Stored data:
------------------------

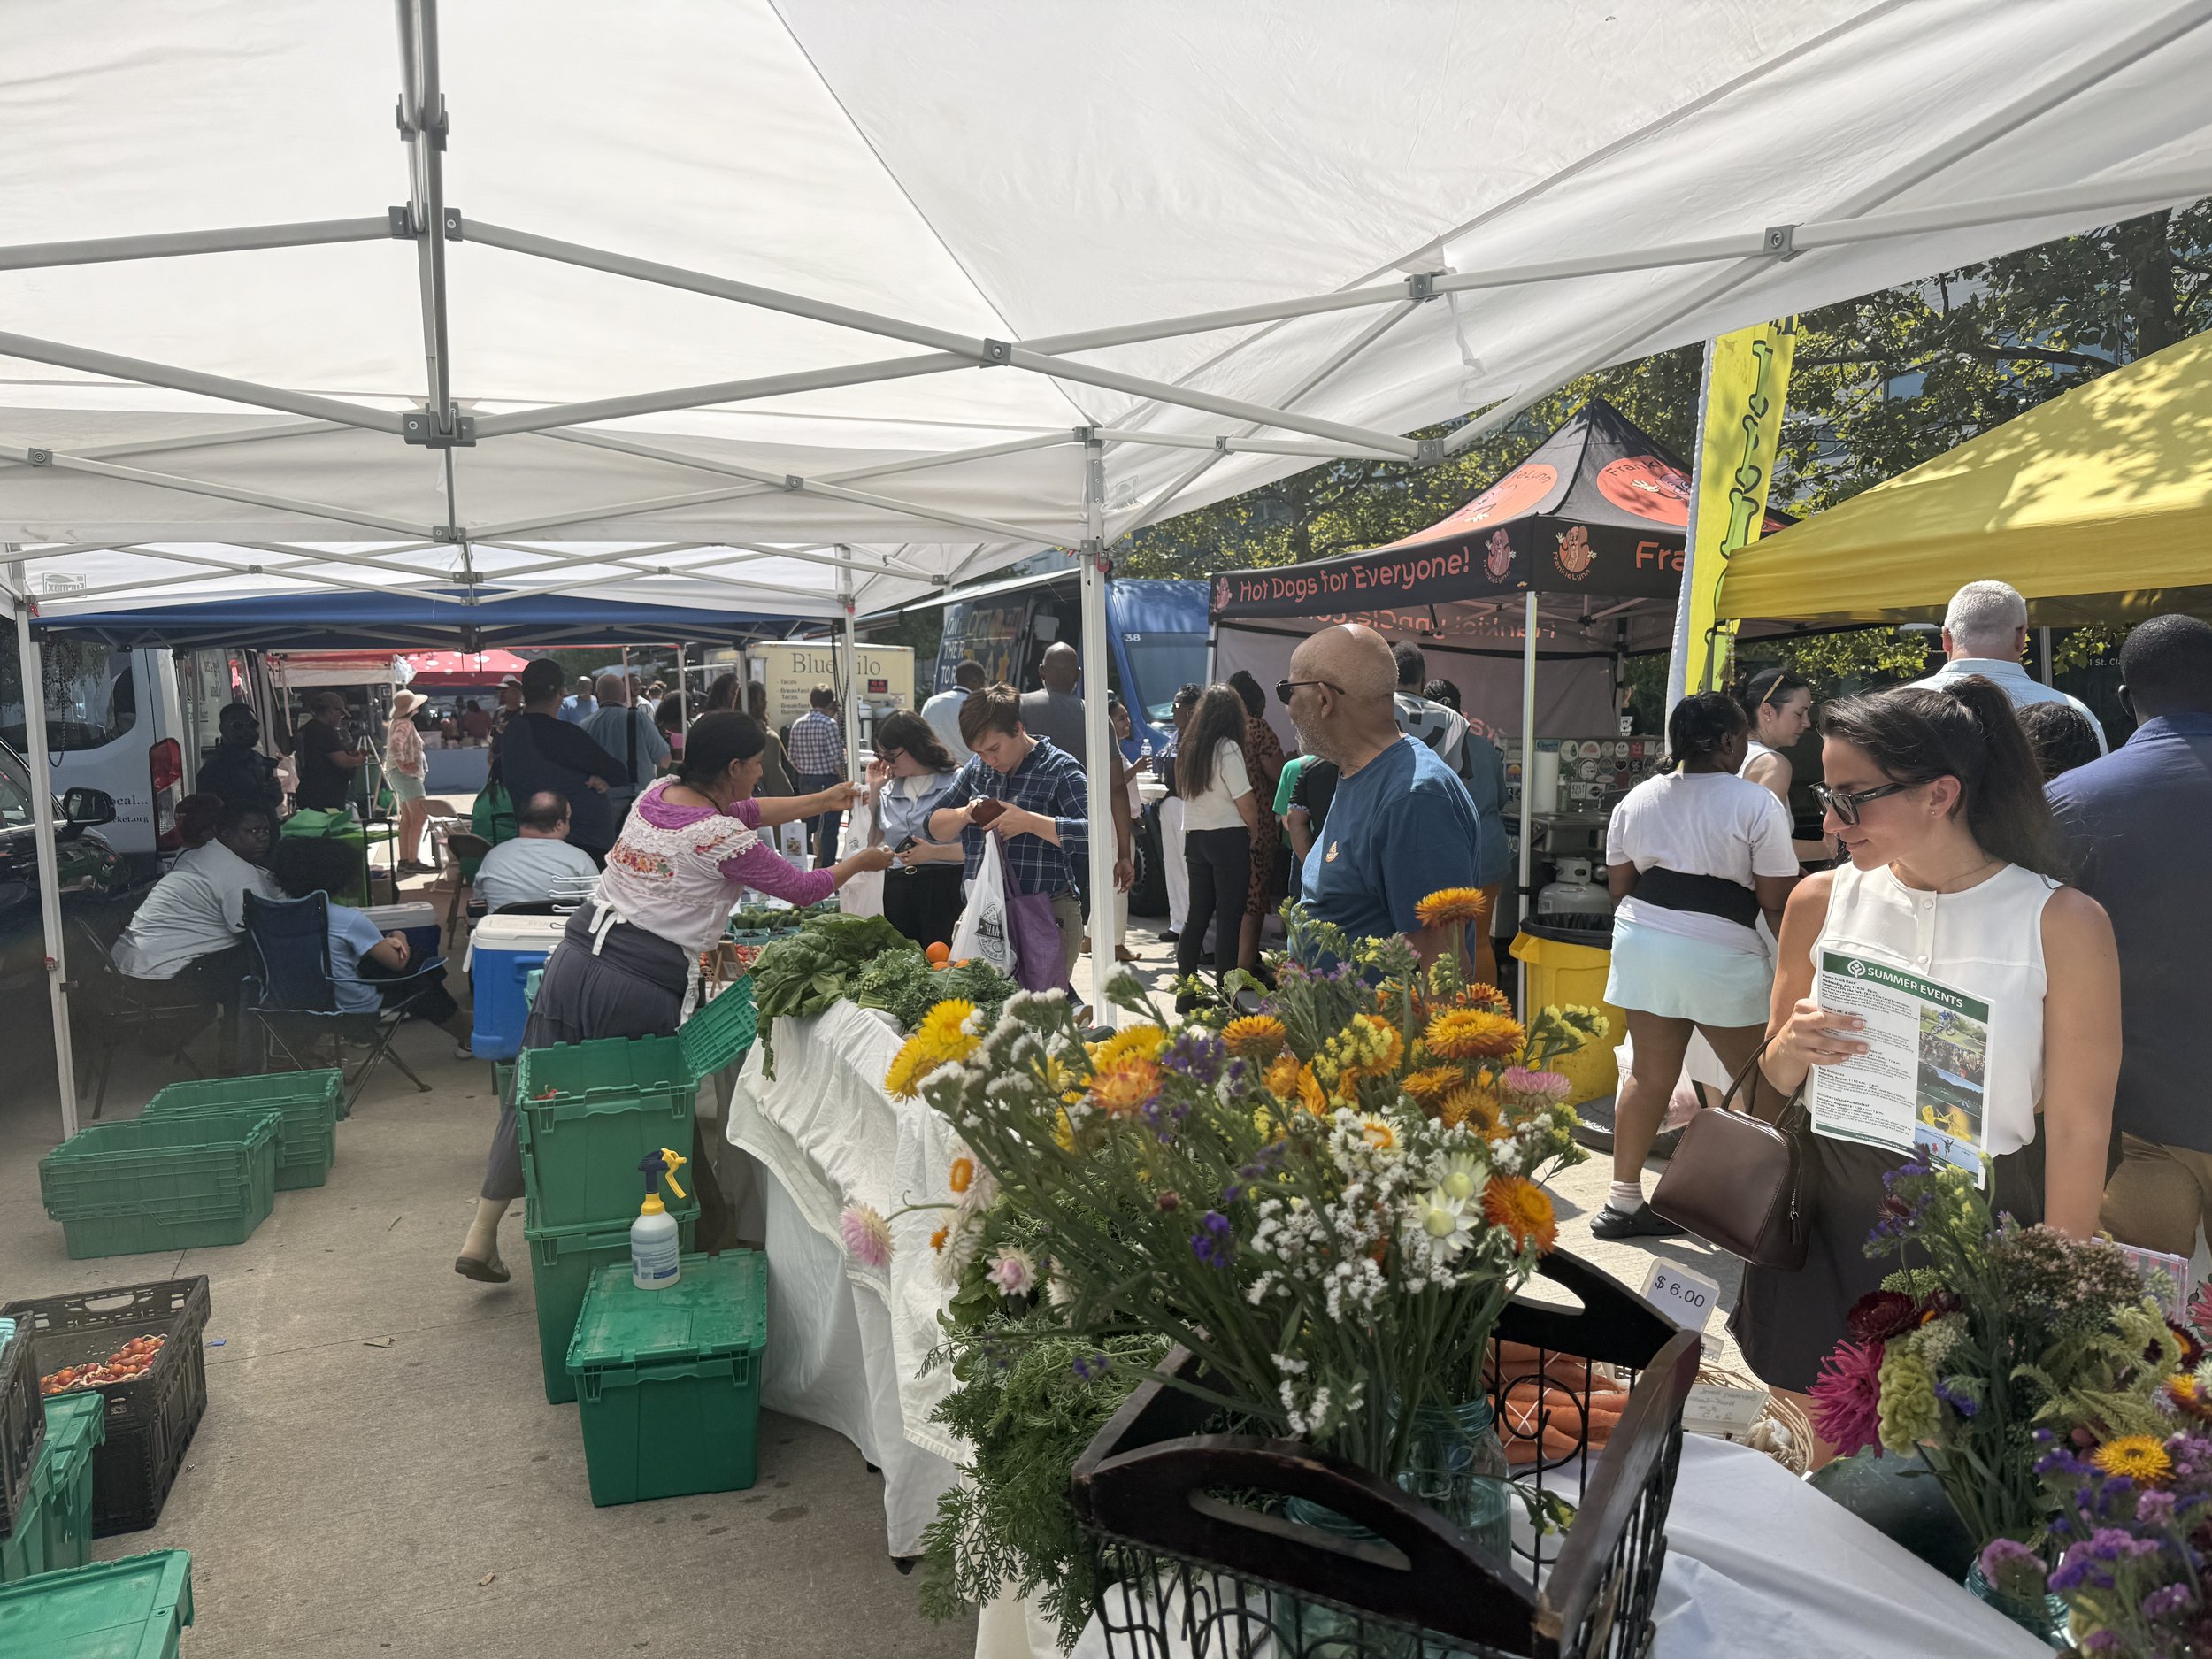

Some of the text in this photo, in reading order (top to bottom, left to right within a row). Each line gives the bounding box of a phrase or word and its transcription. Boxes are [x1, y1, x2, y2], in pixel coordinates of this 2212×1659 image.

[1552, 551, 1591, 581] FrankieLynn
[1636, 541, 1686, 572] Fra
[1240, 546, 1470, 603] Hot Dogs for Everyone!
[947, 617, 960, 635] ON
[1125, 634, 1141, 642] 38
[943, 641, 958, 659] THE
[2095, 657, 2107, 666] St.
[792, 653, 881, 676] Blue ilo
[941, 665, 950, 684] TO
[1868, 967, 1918, 991] SUMMER
[1920, 984, 1963, 1008] EVENTS
[1655, 1275, 1706, 1308] $ 6.00

------------------------

### AIM OF THE EXERCISE:
Print the entries above exactly, leaving pictures out.

### RESPONSE AREA:
Some of the text in this photo, in reading order (top to bottom, left to right within a row). Each line gives the bounding box of a phrase or word and its transcription. Boxes are [x1, y1, x2, y2], in pixel coordinates of this 2212×1659 image.

[1552, 551, 1591, 581] FrankieLynn
[1636, 541, 1686, 572] Fra
[1240, 546, 1470, 603] Hot Dogs for Everyone!
[947, 617, 960, 635] ON
[1125, 634, 1141, 642] 38
[943, 641, 958, 659] THE
[2095, 657, 2107, 666] St.
[792, 653, 881, 676] Blue ilo
[941, 665, 950, 684] TO
[1868, 967, 1918, 991] SUMMER
[1920, 984, 1963, 1008] EVENTS
[1655, 1275, 1706, 1308] $ 6.00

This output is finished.